Such is the concision of the screenplay that to summarize the plot of To Be or Not to Be—to relate precisely how it becomes necessary for Carole Lombard to promise to spend the evening with the traitorous Professor Siletsky to prevent him from betraying the Polish resistance movement, and for Jack Benny to impersonate in turn Colonel Ehrhardt and Siletsky (the real Siletsky having just been assassinated on the stage of Benny’s theater), to explain how Tom Dugan’s Bronski, the Hitler impersonator of the opening scene, finally gets his longed-for chance to play the part he has rehearsed for—would take nearly as long as the film. Nothing is wasted here, although much is repeated. In fact, the rhythm is built through the repetition of elements, the same scenes replayed with different actors, the same lines spoken again in different contexts.
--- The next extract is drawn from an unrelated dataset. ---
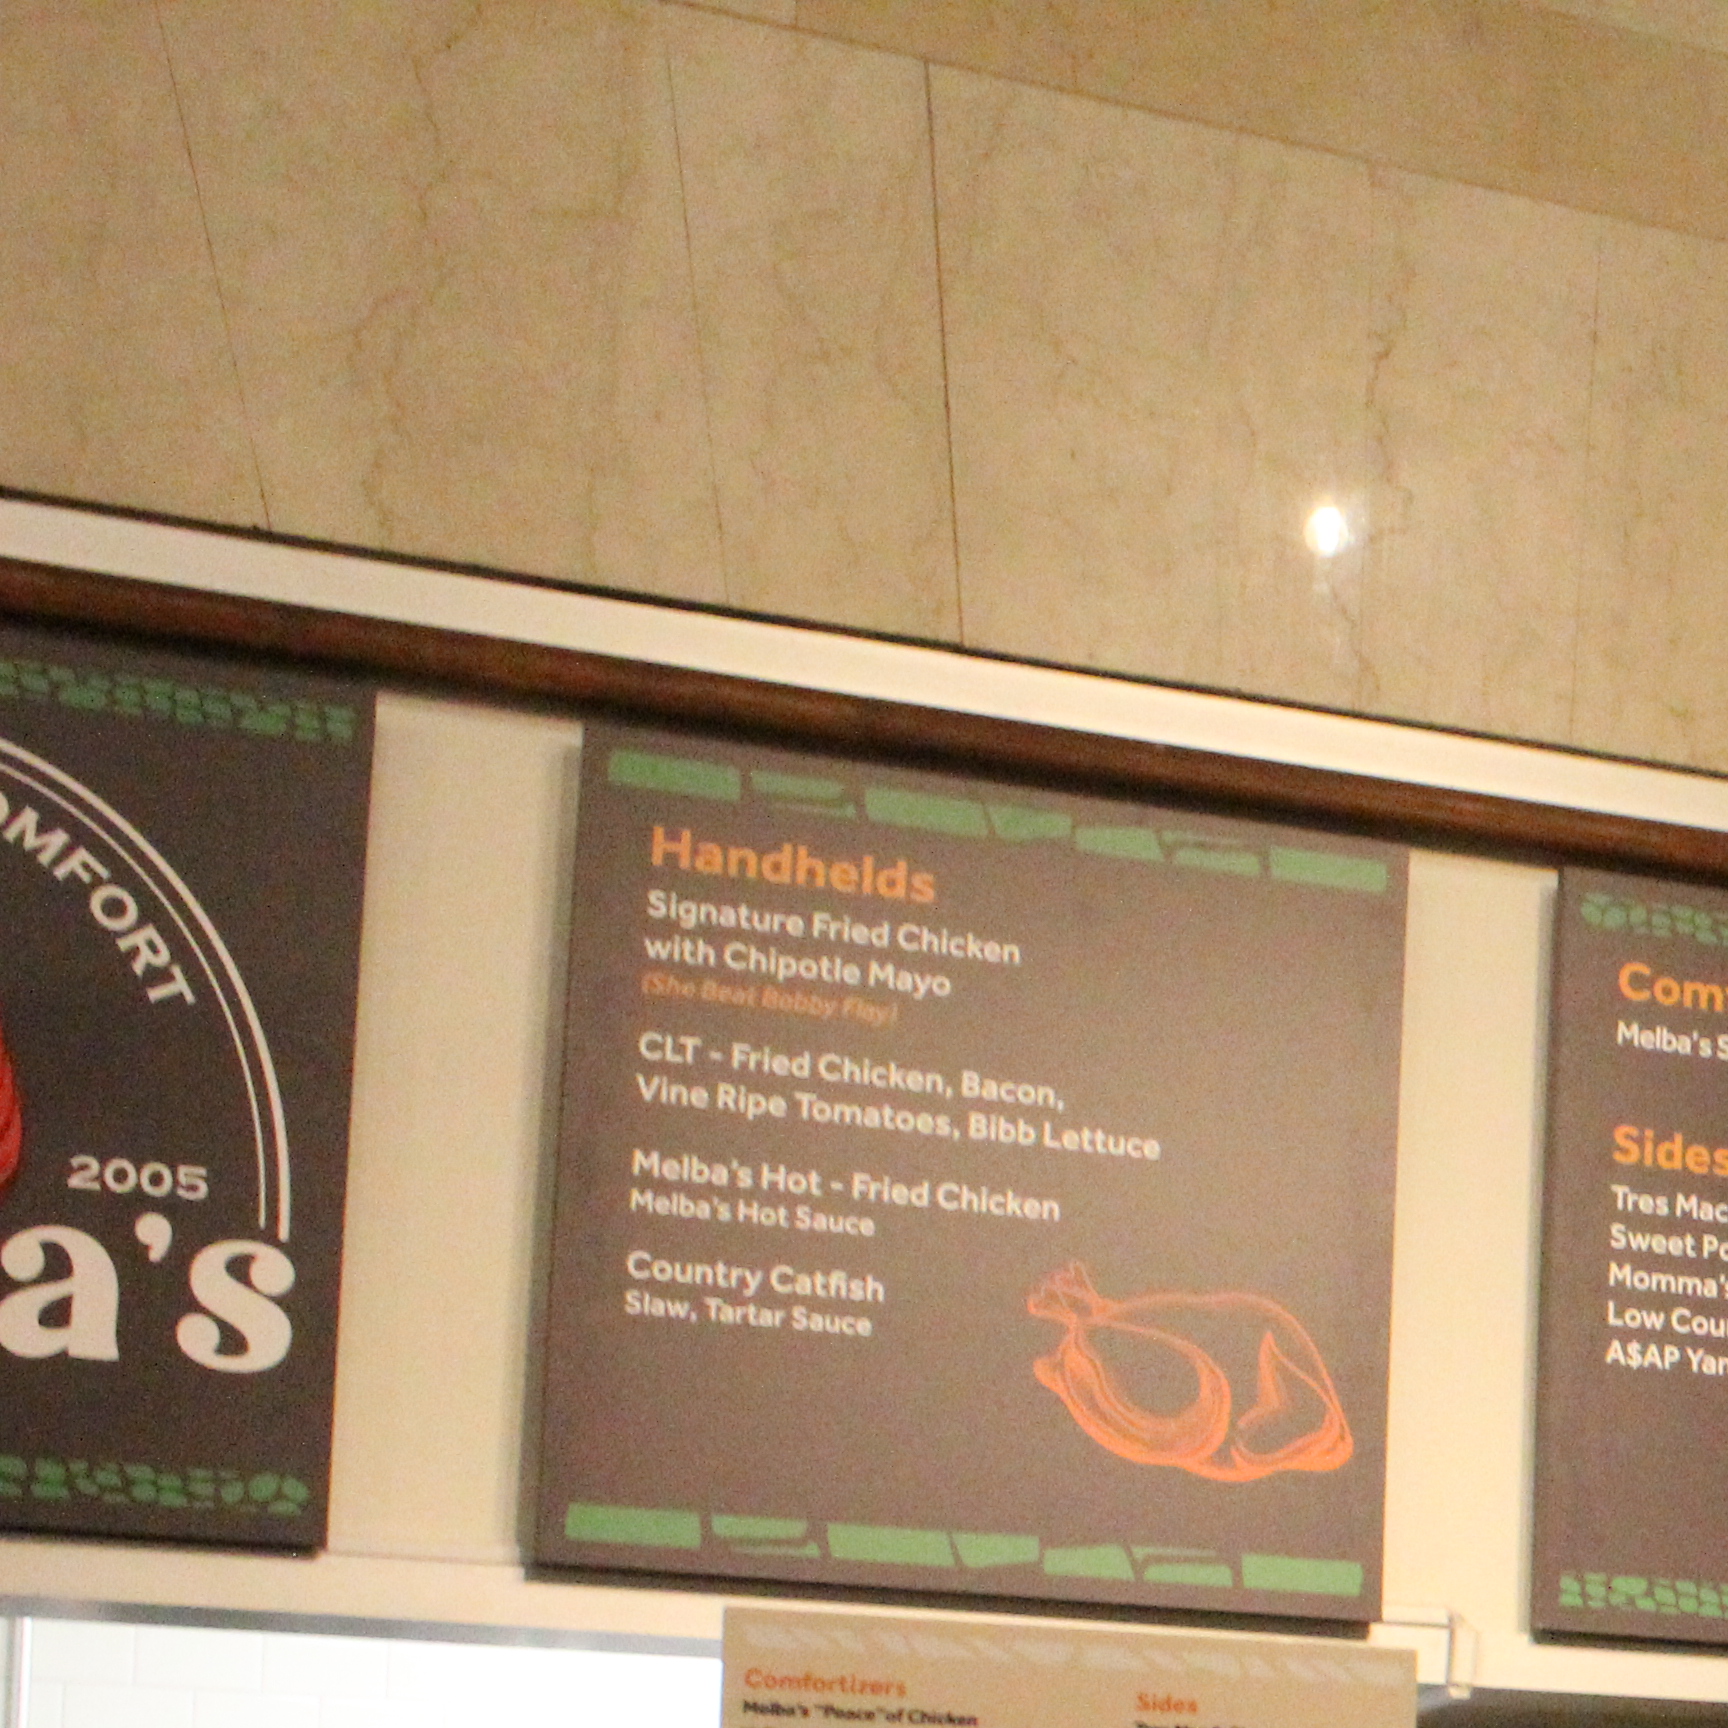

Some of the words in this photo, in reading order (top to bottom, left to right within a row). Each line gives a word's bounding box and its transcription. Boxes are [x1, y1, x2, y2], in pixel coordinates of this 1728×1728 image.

Long acquaintance with To Be or Not to Be only makes more fascinating the skill with which these variations are worked: the title soliloquy itself, the joke about Hitler becoming a piece of cheese, the Shylock speech, the false beards and mustaches, not to mention the countless comic inflections given to “Heil Hitler.” That phrase almost becomes the leitmotif of the film; not only does Lubitsch turn it into a comedy line, he turns it into an array of quite distinct comedy lines, having already kicked the film off with Bronski’s hilarious entrance as Hitler in the Tura company’s never-to-be-performed play Gestapo: “Heil myself.”

The bedroom farce that centers on Benny as “that great, great actor Joseph Tura,” Lombard as his wife, and Stack as her doting young admirer will not be resolved by the war that so jarringly interrupts it, merely deferred to a sequel we can only imagine, and for which the last shot sets us up. “It’s war!”: the Lubitsch comedy is disrupted, for once, by forces beyond its control. Left to follow its own course, it might have turned the film into a close variation on his previous picture, the only sporadically successful triangular comedy That Uncertain Feeling (1941). Under the circumstances, it goes underground, like the actors, but pops up at the most inopportune moments, as when Benny’s simmering jealousy nearly destroys the mission when, impersonating Colonel Ehrhardt, he takes advantage of the role to try to find out what Maria has been up to. The spark of inappropriate feeling gives him away to Professor Siletsky, and the mood suddenly darkens as Siletsky comes as close as the Production Code would allow to calling Tura’s wife a whore. The rules of discretion normally operative in Lubitsch comedy have been shattered by a character beyond civility and beyond humor.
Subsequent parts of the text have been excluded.